While survival rates in catastrophic injury have risen, society is far more vocal in demanding that patients also thrive. HCML CEO, Keith Bushnell, explains why there is a gap here that case managers can help fill.
The year 2012 was a turning point for the seriously injured UK patient. The NHS took a leap forward, creating 22 major trauma centres with all the specialities needed to save lives, with skills developed in Iraq and Afghanistan. The media was full of rehab stories from Help for Heroes. The London 2012 Paralympics saw the catastrophically and severely disabled injured athlete enter the nation’s psyche as elite sports people.
Society’s image of what life could and should be for people with life changing injuries or disabilities was transformed. Today every injured person expects to survive and thrive and yet there are still gaps between that expectation and reality.
Six years on, Dame Carol Black writes that the UK is just not very good at restoring injured people back to function and that we must follow the armed forces and win the rehab battle.
She writes that while the armed forces returns some 85 per cent of seriously injured people to function, among civilians it is about 30 per cent, “a gap too stark to ignore”.
She writes that people with serious injury need proper rehabilitation managed by experts and integrated into the clinical setting. No-one can dispute that, let alone our clinician case managers with their many case studies of lives turned round. We have also seen cases like the firefighter with a below knee amputation returned to front line duties as early as 2006. We all see the benefits to individuals, the NHS and society, in human and economic terms.
The gap that we see is one of expectation and ambition among the stakeholders involved in the process of rehabilitation and compensation, including the NHS, insurers, solicitors and employers.
Case managers are at the heart of a revolution in changing mindsets among all stakeholders. They are uniquely placed to see the potential in the injured individual along with advances in care and technology at home and at the workplace to transform outcomes. As advocates for the individual they continue to work with stakeholders to break down barriers and maximise recovery.
This starts in the hospital or acute setting where they can raise the NHS’s aspirations to plan discharge and post-acute health support with the expectation that the client will ultimately lead a full and productive life. Limitations to state resources dampen NHS aspirations and case managers need to advocate at those early stages to plug gaps that, if left unaddressed, could hinder maximum recovery. Where the state cannot do so case managers need to enlist the support of treating clinicians in validating what is possible with the right inputs. That includes early mental health provision, given this can deteriorate within months when patients – typically - are released from hospital as soon as it is "safe" to do so, according to Carol Black.
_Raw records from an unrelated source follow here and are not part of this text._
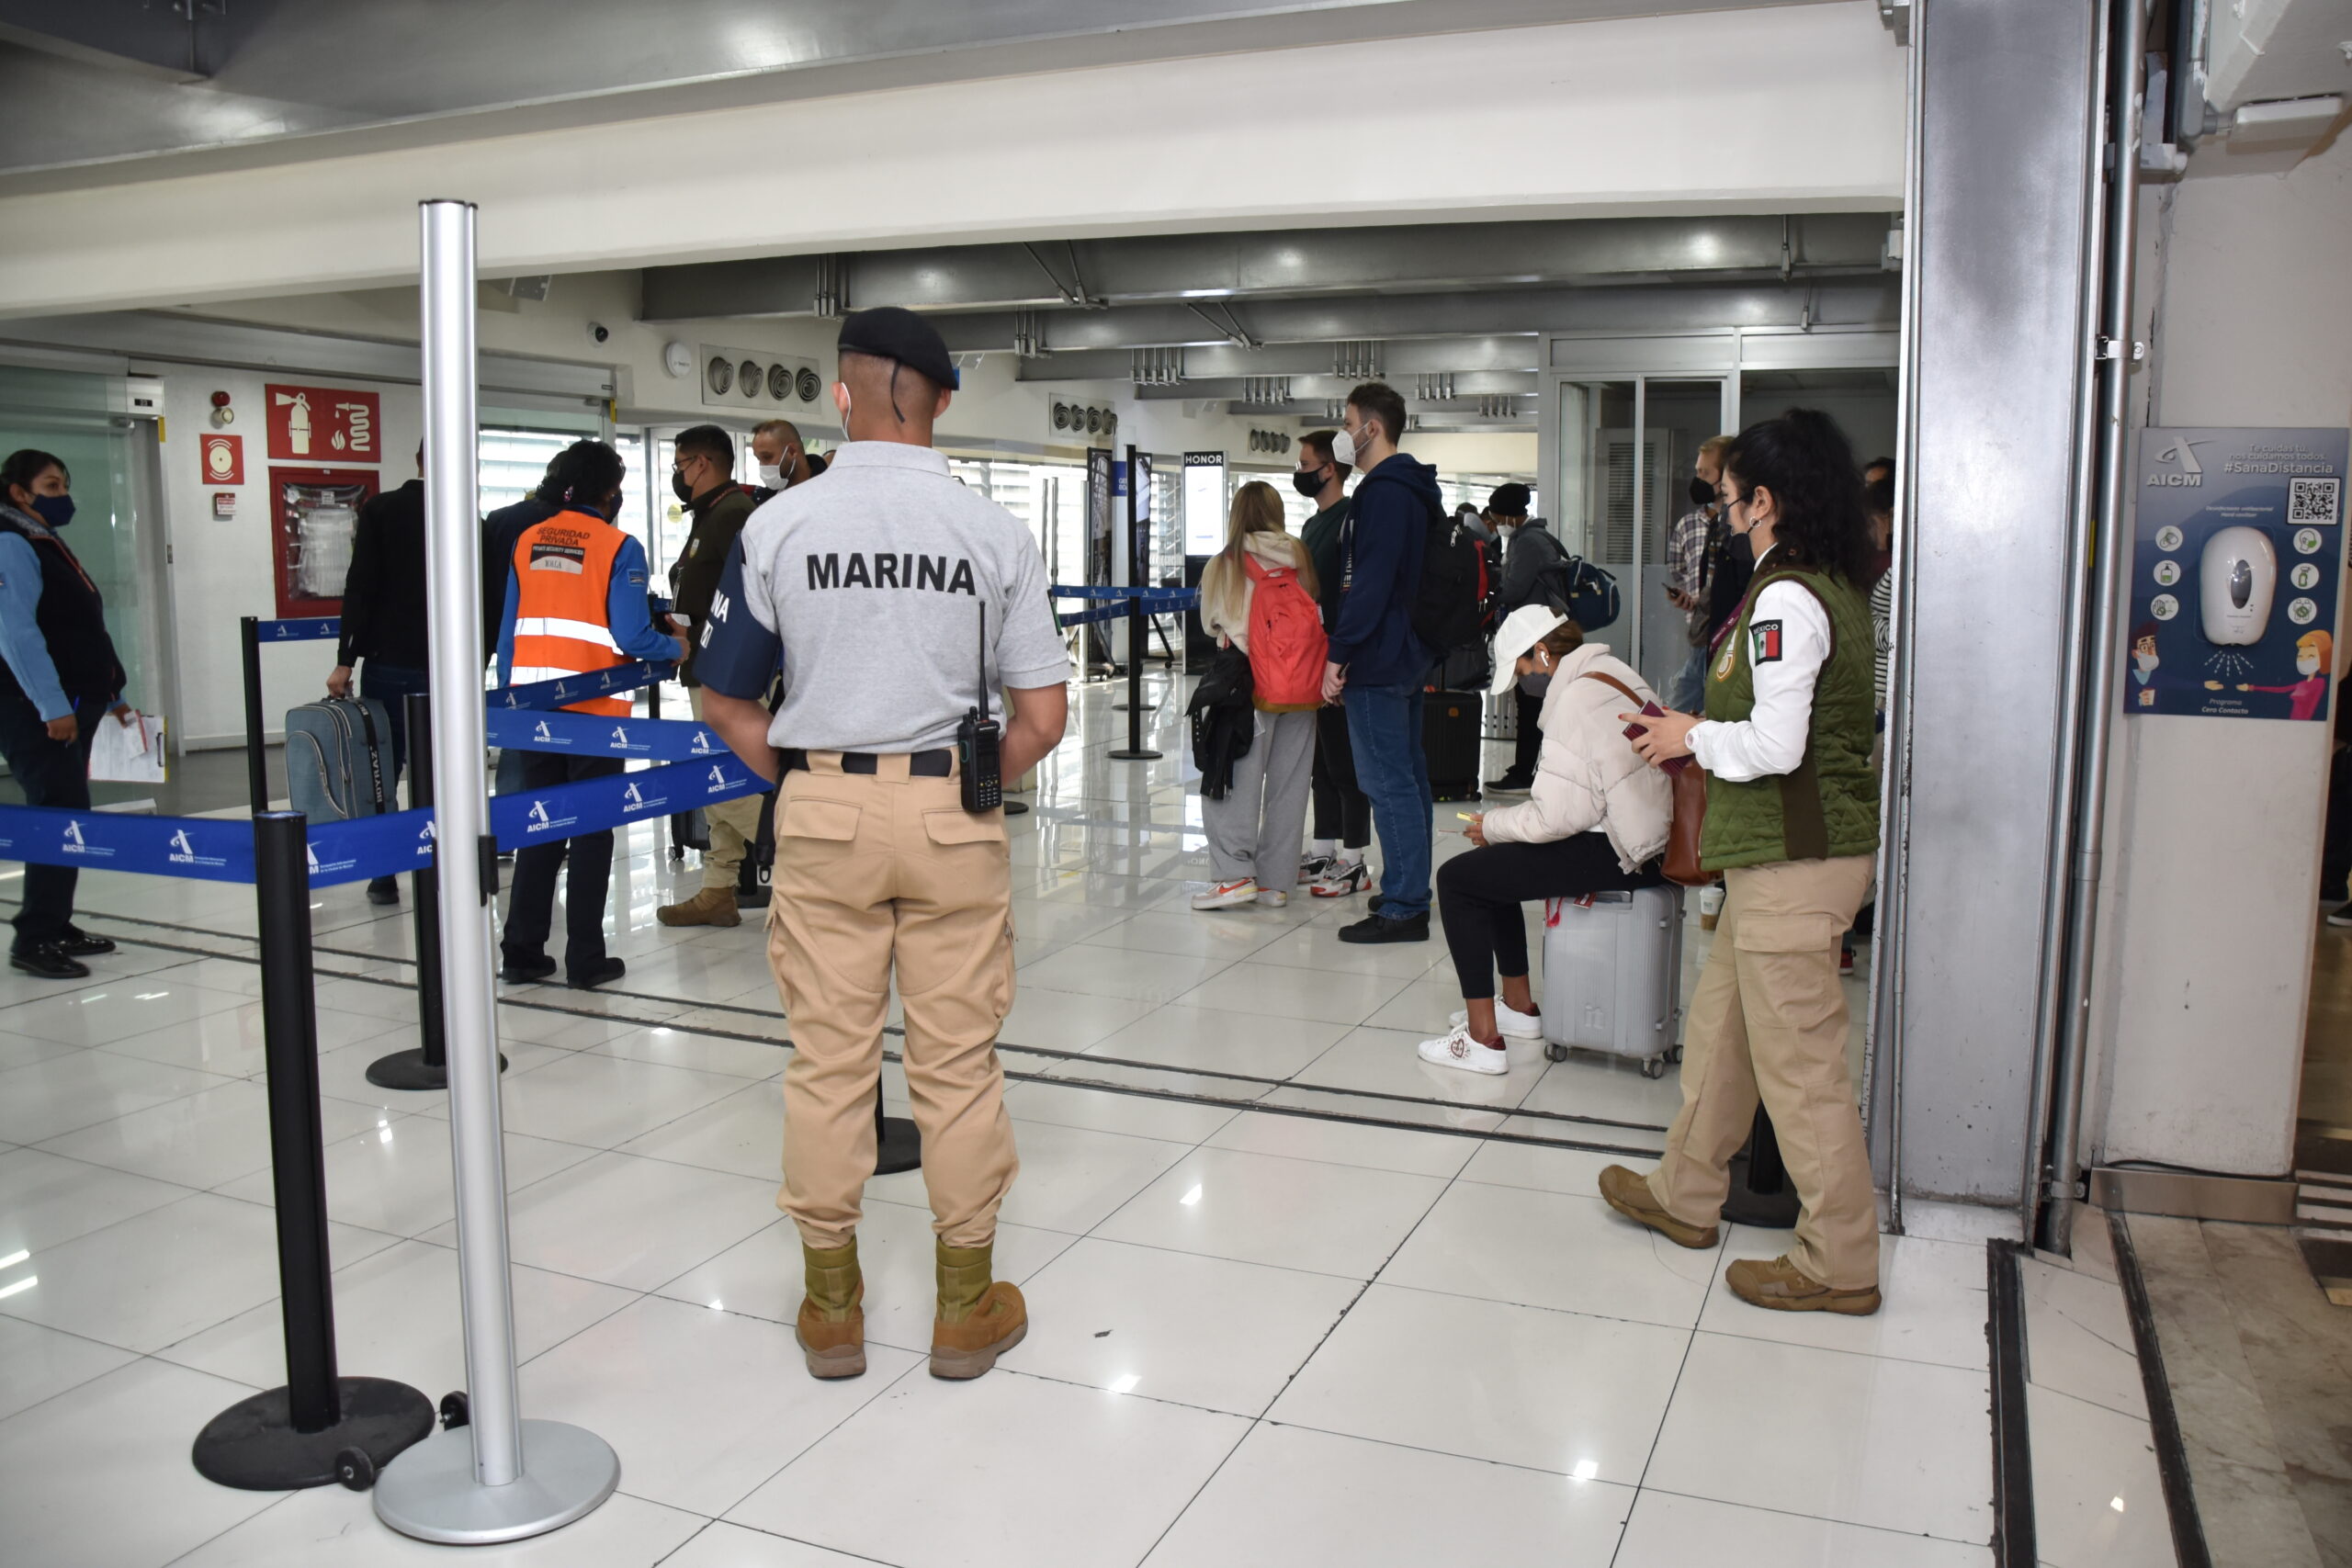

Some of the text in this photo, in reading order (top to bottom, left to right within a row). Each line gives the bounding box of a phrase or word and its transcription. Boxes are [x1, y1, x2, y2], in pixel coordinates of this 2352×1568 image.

[1185, 455, 1223, 465] HONOR
[2223, 462, 2334, 474] #SanaDistancia
[2146, 473, 2203, 487] AICM
[537, 526, 591, 539] SEGURIDAD
[539, 535, 579, 546] PRIVADA
[806, 552, 977, 596] MARINA
[526, 821, 550, 832] AICM
[416, 844, 433, 855] AIC
[169, 852, 195, 863] AICM
Secondly, stakeholders must be shown the cost benefit of investing to help the injured person thrive. The case manager needs to provide a coherent and compelling rehab plan with demonstrably better outcomes to engage compensators. The focus should be on how can this person be returned to as close as is possible to where they were immediately before the accident. This is not about blades for every occasion but real solutions that enable people to support themselves or at least live a fulfilling life.
Thirdly given employment is good for people’s wellbeing and happiness, case managers should help employers understand what is now possible in terms of return to work, and engage early on with bosses and manage their expectations positively.
We need to close the gap between expectations and reality. Case managers can play a pivotal role in creating a new norm where every injured individual wins their personal rehab battle.